**Source material:**
= Beginning of Section =
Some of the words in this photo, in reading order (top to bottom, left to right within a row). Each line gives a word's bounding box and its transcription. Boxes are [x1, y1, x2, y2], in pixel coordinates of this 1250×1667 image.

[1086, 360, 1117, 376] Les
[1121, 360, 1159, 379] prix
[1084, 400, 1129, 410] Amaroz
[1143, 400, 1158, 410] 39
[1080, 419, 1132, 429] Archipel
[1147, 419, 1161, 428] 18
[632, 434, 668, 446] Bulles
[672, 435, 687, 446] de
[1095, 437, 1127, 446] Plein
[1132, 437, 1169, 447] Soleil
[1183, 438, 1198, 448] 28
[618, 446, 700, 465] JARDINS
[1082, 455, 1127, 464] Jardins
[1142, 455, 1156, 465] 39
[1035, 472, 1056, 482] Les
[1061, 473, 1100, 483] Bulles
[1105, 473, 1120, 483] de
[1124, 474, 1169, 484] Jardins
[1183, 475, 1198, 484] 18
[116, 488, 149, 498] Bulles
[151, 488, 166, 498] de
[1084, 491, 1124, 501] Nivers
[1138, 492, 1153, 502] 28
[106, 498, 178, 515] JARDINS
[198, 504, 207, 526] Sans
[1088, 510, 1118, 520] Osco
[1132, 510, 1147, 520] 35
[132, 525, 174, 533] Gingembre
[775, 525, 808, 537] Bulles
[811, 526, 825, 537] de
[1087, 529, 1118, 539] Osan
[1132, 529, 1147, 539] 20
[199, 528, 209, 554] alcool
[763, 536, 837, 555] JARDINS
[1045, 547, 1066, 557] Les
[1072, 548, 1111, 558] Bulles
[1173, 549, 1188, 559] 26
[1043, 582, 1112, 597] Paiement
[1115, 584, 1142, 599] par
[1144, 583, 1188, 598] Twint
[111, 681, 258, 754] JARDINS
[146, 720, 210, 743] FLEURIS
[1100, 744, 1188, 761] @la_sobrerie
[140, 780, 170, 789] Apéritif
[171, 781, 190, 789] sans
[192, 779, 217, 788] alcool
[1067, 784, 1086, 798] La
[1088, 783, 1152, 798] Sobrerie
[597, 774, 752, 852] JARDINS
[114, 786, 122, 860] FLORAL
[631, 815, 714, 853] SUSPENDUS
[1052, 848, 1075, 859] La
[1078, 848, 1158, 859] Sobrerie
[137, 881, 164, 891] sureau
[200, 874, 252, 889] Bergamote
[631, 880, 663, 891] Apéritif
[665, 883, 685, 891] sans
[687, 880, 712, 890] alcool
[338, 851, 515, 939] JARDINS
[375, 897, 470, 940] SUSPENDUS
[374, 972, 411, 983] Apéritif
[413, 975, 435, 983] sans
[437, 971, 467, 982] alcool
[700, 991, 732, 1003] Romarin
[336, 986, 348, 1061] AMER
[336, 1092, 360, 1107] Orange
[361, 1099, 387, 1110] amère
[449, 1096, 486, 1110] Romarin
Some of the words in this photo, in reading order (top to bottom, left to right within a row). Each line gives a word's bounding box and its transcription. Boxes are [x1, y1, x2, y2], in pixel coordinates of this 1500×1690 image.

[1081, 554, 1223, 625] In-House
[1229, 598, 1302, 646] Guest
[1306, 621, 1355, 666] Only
= End of Section =
**Work to complete:**
Write out the full set of records exactly as given.

**Response to the exercise:**
Some of the words in this photo, in reading order (top to bottom, left to right within a row). Each line gives a word's bounding box and its transcription. Boxes are [x1, y1, x2, y2], in pixel coordinates of this 1250×1667 image.

[1086, 360, 1117, 376] Les
[1121, 360, 1159, 379] prix
[1084, 400, 1129, 410] Amaroz
[1143, 400, 1158, 410] 39
[1080, 419, 1132, 429] Archipel
[1147, 419, 1161, 428] 18
[632, 434, 668, 446] Bulles
[672, 435, 687, 446] de
[1095, 437, 1127, 446] Plein
[1132, 437, 1169, 447] Soleil
[1183, 438, 1198, 448] 28
[618, 446, 700, 465] JARDINS
[1082, 455, 1127, 464] Jardins
[1142, 455, 1156, 465] 39
[1035, 472, 1056, 482] Les
[1061, 473, 1100, 483] Bulles
[1105, 473, 1120, 483] de
[1124, 474, 1169, 484] Jardins
[1183, 475, 1198, 484] 18
[116, 488, 149, 498] Bulles
[151, 488, 166, 498] de
[1084, 491, 1124, 501] Nivers
[1138, 492, 1153, 502] 28
[106, 498, 178, 515] JARDINS
[198, 504, 207, 526] Sans
[1088, 510, 1118, 520] Osco
[1132, 510, 1147, 520] 35
[132, 525, 174, 533] Gingembre
[775, 525, 808, 537] Bulles
[811, 526, 825, 537] de
[1087, 529, 1118, 539] Osan
[1132, 529, 1147, 539] 20
[199, 528, 209, 554] alcool
[763, 536, 837, 555] JARDINS
[1045, 547, 1066, 557] Les
[1072, 548, 1111, 558] Bulles
[1173, 549, 1188, 559] 26
[1043, 582, 1112, 597] Paiement
[1115, 584, 1142, 599] par
[1144, 583, 1188, 598] Twint
[111, 681, 258, 754] JARDINS
[146, 720, 210, 743] FLEURIS
[1100, 744, 1188, 761] @la_sobrerie
[140, 780, 170, 789] Apéritif
[171, 781, 190, 789] sans
[192, 779, 217, 788] alcool
[1067, 784, 1086, 798] La
[1088, 783, 1152, 798] Sobrerie
[597, 774, 752, 852] JARDINS
[114, 786, 122, 860] FLORAL
[631, 815, 714, 853] SUSPENDUS
[1052, 848, 1075, 859] La
[1078, 848, 1158, 859] Sobrerie
[137, 881, 164, 891] sureau
[200, 874, 252, 889] Bergamote
[631, 880, 663, 891] Apéritif
[665, 883, 685, 891] sans
[687, 880, 712, 890] alcool
[338, 851, 515, 939] JARDINS
[375, 897, 470, 940] SUSPENDUS
[374, 972, 411, 983] Apéritif
[413, 975, 435, 983] sans
[437, 971, 467, 982] alcool
[700, 991, 732, 1003] Romarin
[336, 986, 348, 1061] AMER
[336, 1092, 360, 1107] Orange
[361, 1099, 387, 1110] amère
[449, 1096, 486, 1110] Romarin
Some of the words in this photo, in reading order (top to bottom, left to right within a row). Each line gives a word's bounding box and its transcription. Boxes are [x1, y1, x2, y2], in pixel coordinates of this 1500×1690 image.

[1081, 554, 1223, 625] In-House
[1229, 598, 1302, 646] Guest
[1306, 621, 1355, 666] Only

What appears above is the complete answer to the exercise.